»»

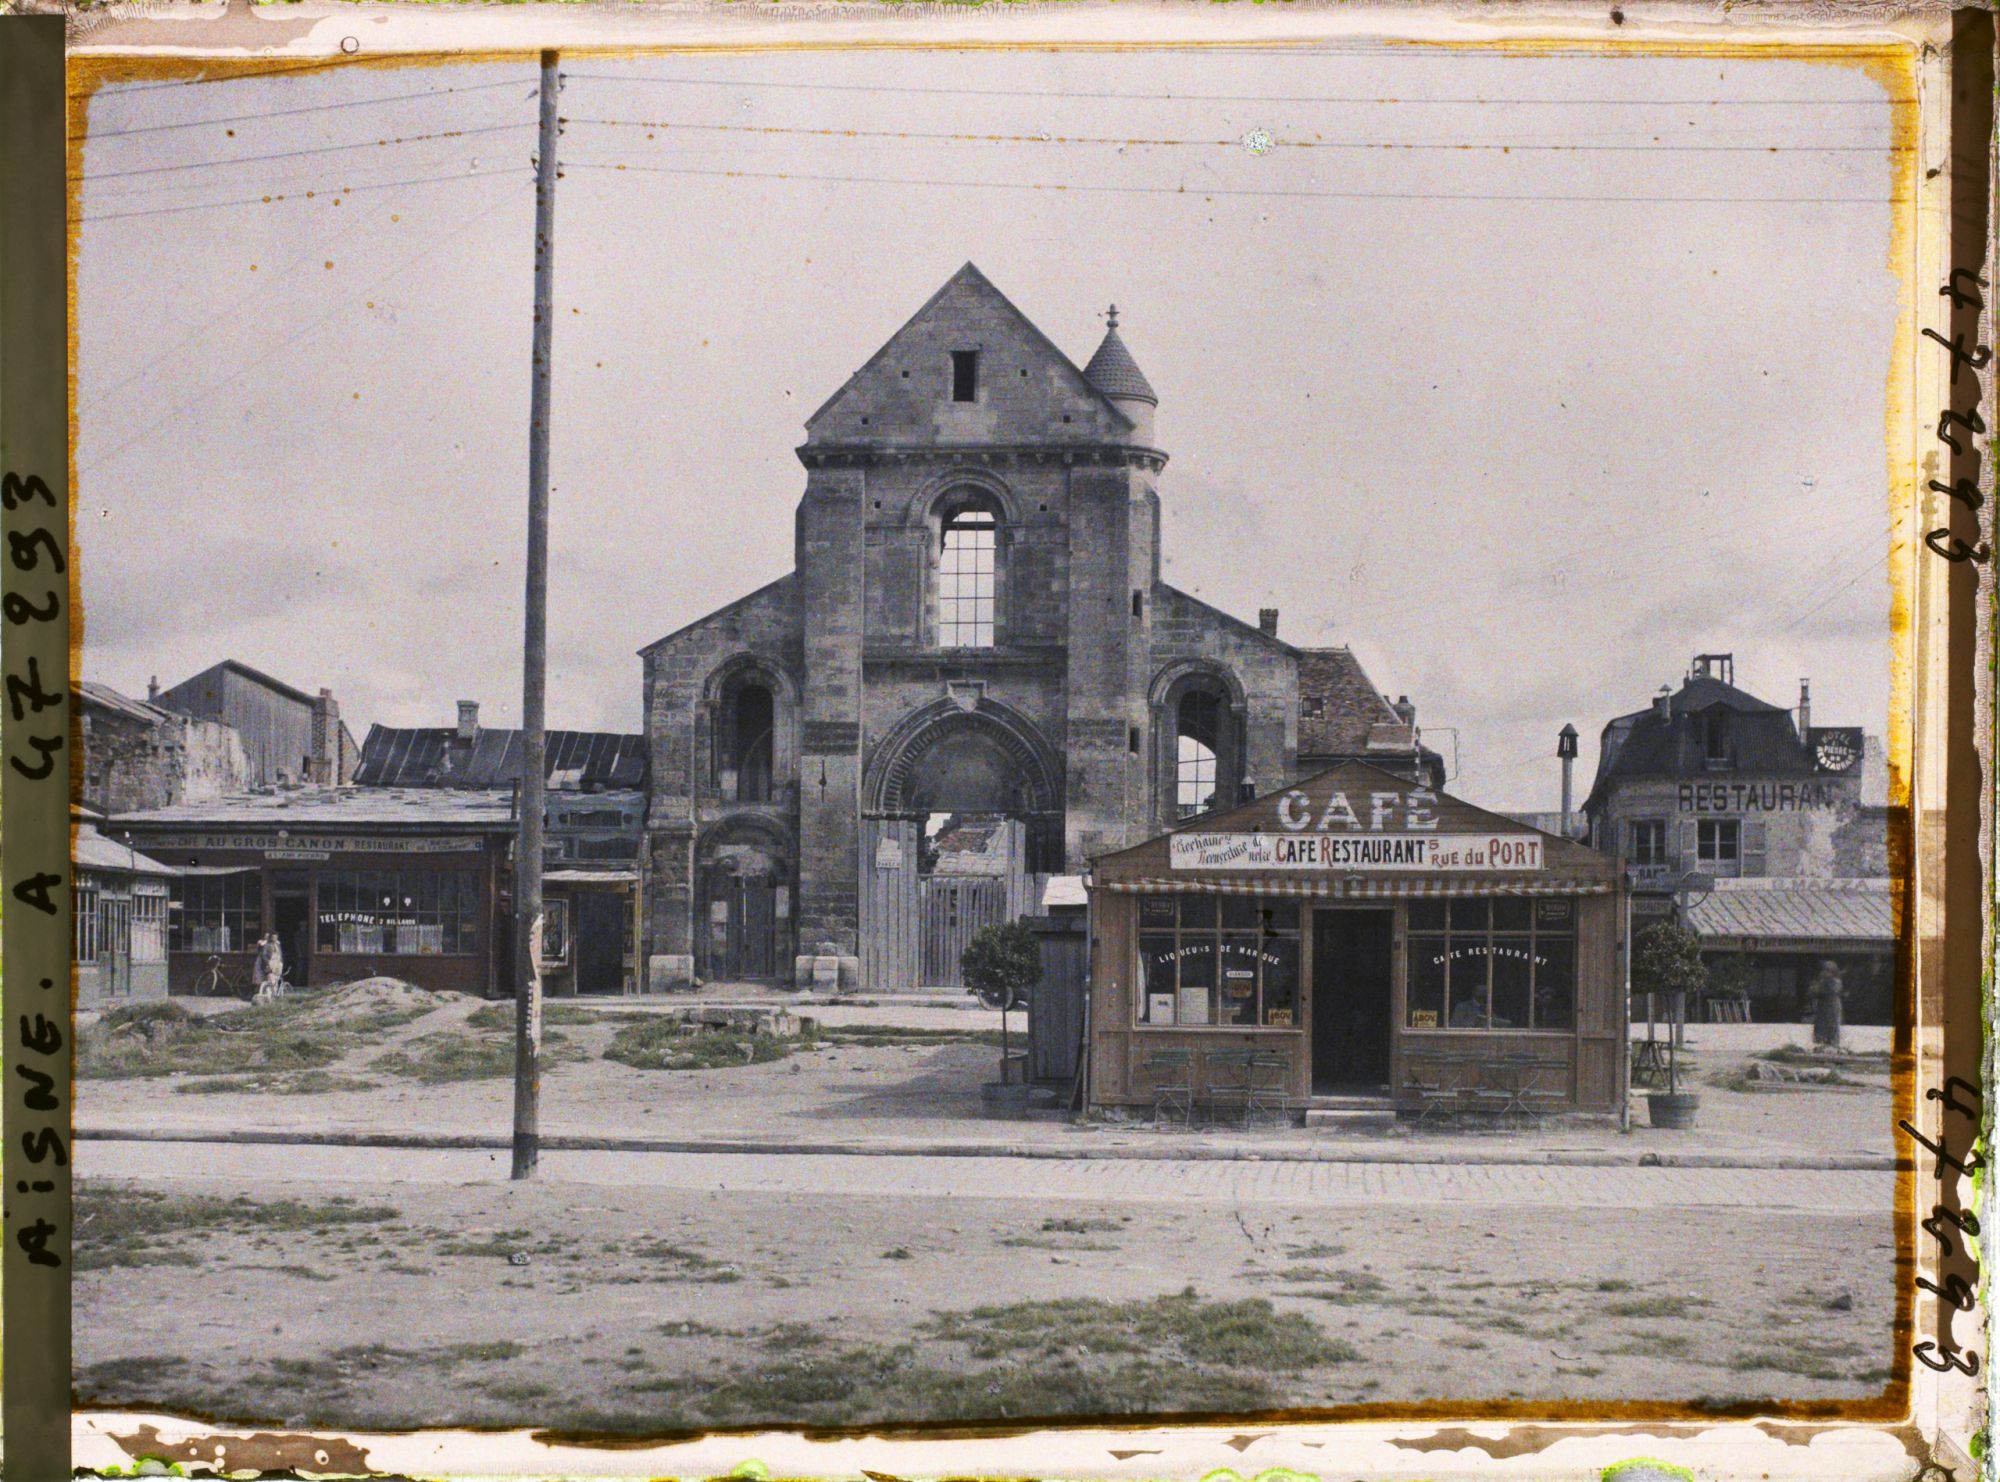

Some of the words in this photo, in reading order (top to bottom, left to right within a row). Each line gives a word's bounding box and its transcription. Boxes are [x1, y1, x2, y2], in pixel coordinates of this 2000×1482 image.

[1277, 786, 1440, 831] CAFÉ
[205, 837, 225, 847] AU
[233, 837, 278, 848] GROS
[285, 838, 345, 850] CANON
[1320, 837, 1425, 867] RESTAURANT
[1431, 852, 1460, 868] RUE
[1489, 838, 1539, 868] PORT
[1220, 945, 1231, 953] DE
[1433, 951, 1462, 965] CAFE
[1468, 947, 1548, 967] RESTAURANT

««

**Assigned task:** Exclude the images, then output the data above word for word.

**Task result:**
Some of the words in this photo, in reading order (top to bottom, left to right within a row). Each line gives a word's bounding box and its transcription. Boxes are [x1, y1, x2, y2], in pixel coordinates of this 2000×1482 image.

[1277, 786, 1440, 831] CAFÉ
[205, 837, 225, 847] AU
[233, 837, 278, 848] GROS
[285, 838, 345, 850] CANON
[1320, 837, 1425, 867] RESTAURANT
[1431, 852, 1460, 868] RUE
[1489, 838, 1539, 868] PORT
[1220, 945, 1231, 953] DE
[1433, 951, 1462, 965] CAFE
[1468, 947, 1548, 967] RESTAURANT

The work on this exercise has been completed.